5. The following changes to a State Party's Appendix in Annex 13-A (Schedule of Commitments on Government Procurement) shall be considered a rectification of a purely formal nature, provided that they do not affect the mutually agreed coverage provided for in this Chapter:

(a) a change in the name of a procuring entity;

(b) a merger of 2 (two) or more procuring entities listed within its Appendix in Annex 13-A (Schedule of Commitments on Government Procurement); and

(c) the separation of a procuring entity listed in its Appendix in Annex 13-A (Schedule of Commitments on Government Procurement) into 2 (two) or more procuring entities that are all added to the entities listed in the same Appendix in Annex 13-A (Schedule of Commitments on Government Procurement).

The State Party making such rectification of a purely formal nature shall not be obliged to provide for compensatory adjustments.

6. In the case of proposed rectifications to a State Party's Appendix in Annex 13-A (Schedule of Commitments on Government Procurement), the State Party shall notify the other State Parties every 2 (two) years following the entry into force of this agreement.

7. A State Party may notify the other State Parties of an objection to a proposed rectification within 45 (forty-five) days from having received the notification. Where a State Party submits an objection, it shall set out the reasons why it believes the proposed rectification is not a change provided for in paragraph 5, and describe the effect of the proposed rectification on the mutually agreed coverage provided for in the Agreement. If no such objection is submitted in writing within 45 (forty-five) days after having received the notification, the proposed rectification shall become effective.
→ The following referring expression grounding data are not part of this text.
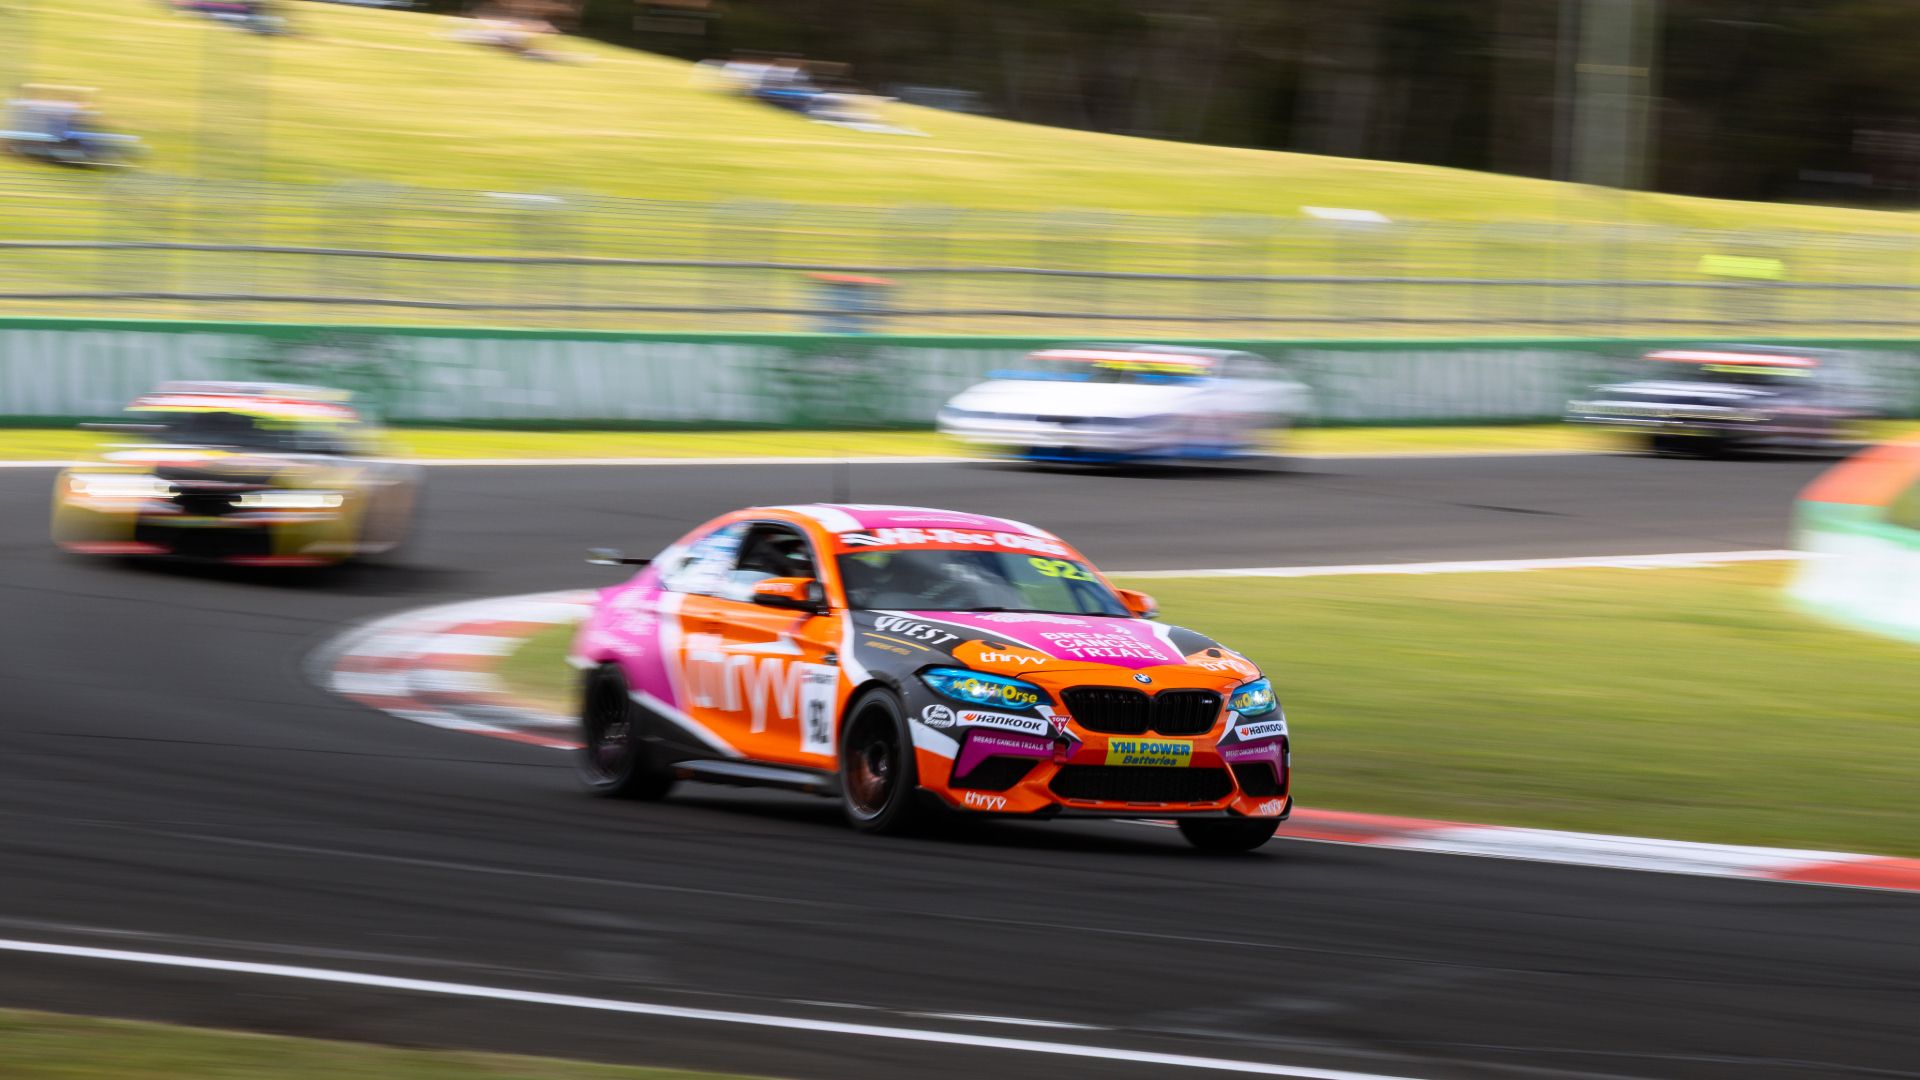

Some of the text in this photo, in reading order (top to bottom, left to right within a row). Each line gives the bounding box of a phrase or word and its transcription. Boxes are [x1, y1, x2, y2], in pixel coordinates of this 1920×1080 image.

[876, 528, 1068, 556] Hi-Tec Oils
[873, 615, 959, 645] QUEST
[1040, 632, 1140, 643] BREAST
[1054, 639, 1156, 651] CANCER
[980, 652, 1046, 665] thryv
[1066, 647, 1168, 661] TRIALS
[973, 735, 1043, 751] BREAST CANCER TRIALS
[1111, 741, 1191, 756] YHI POWER
[1123, 755, 1178, 766] Batteries
[965, 791, 1007, 810] thryv
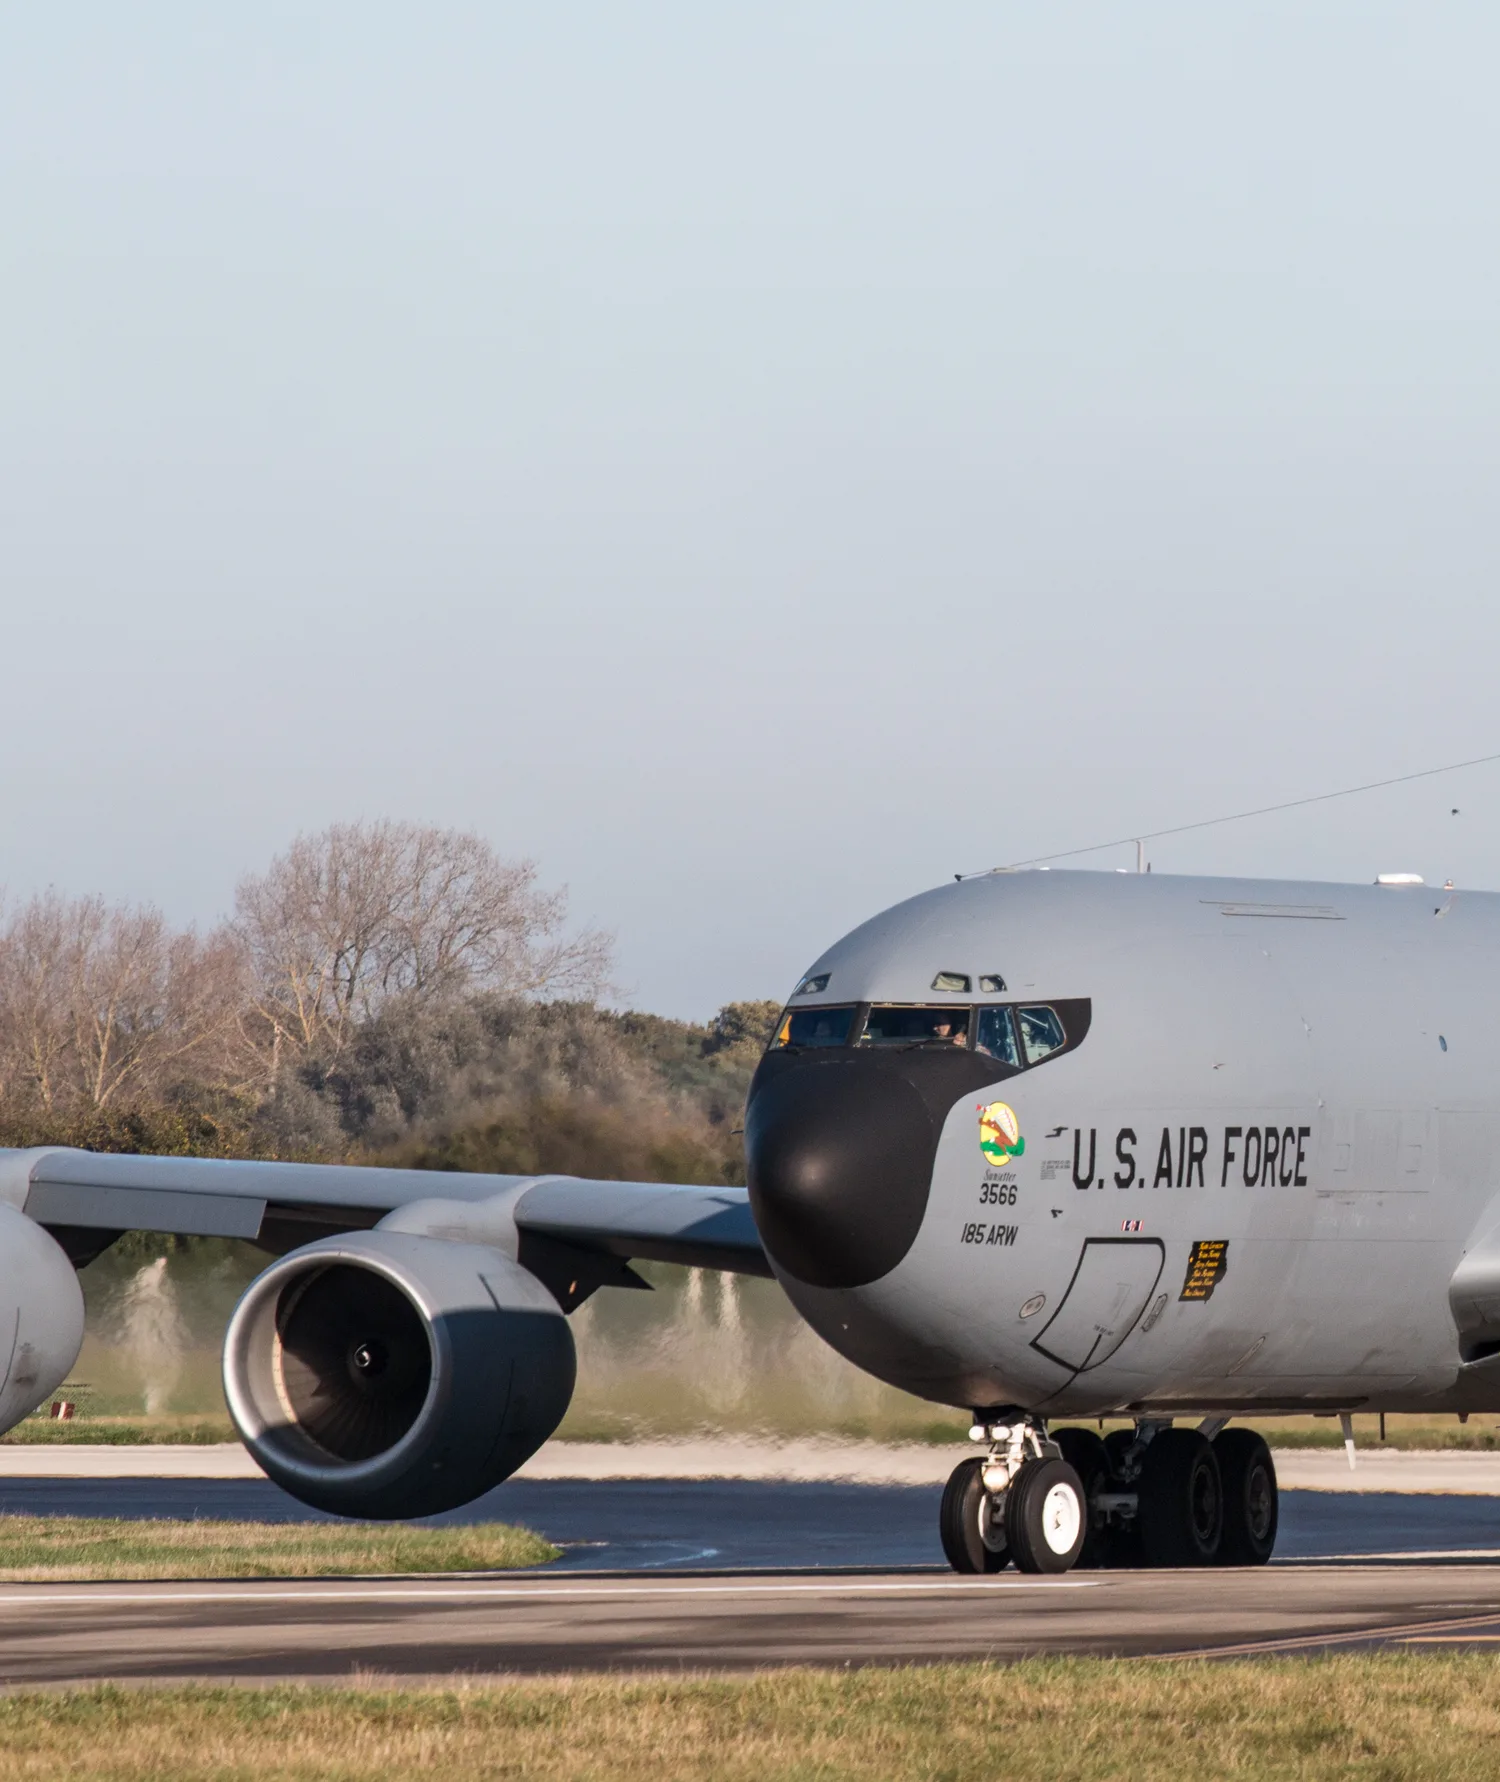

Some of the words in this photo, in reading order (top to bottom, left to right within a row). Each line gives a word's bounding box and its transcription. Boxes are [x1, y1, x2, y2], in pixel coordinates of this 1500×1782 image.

8. If another State Party objects to the proposed modification or rectification, or to the proposed compensatory adjustments, the State Parties shall seek to resolve the issue through consultations, including any request of additional information. If no agreement is found within 60 (sixty) days after the receipt of the objection, the State Parties may refer the matter to the dispute settlement procedures under Chapter 18 (Dispute Settlement) unless the State Parties agree to extend the deadline. Once the State Parties agree through consultations or on the basis of a final arbitral award of an arbitration panel under Article 18.13 (Interim Report and Final Arbitral Award) of

18 (Dispute Settlement), the Joint Committee shall modify forthwith the relevant Appendix in Annex 13-A (Schedule of Commitments on Government Procurement) to reflect the agreed modifications or rectifications or the agreed compensatory adjustments.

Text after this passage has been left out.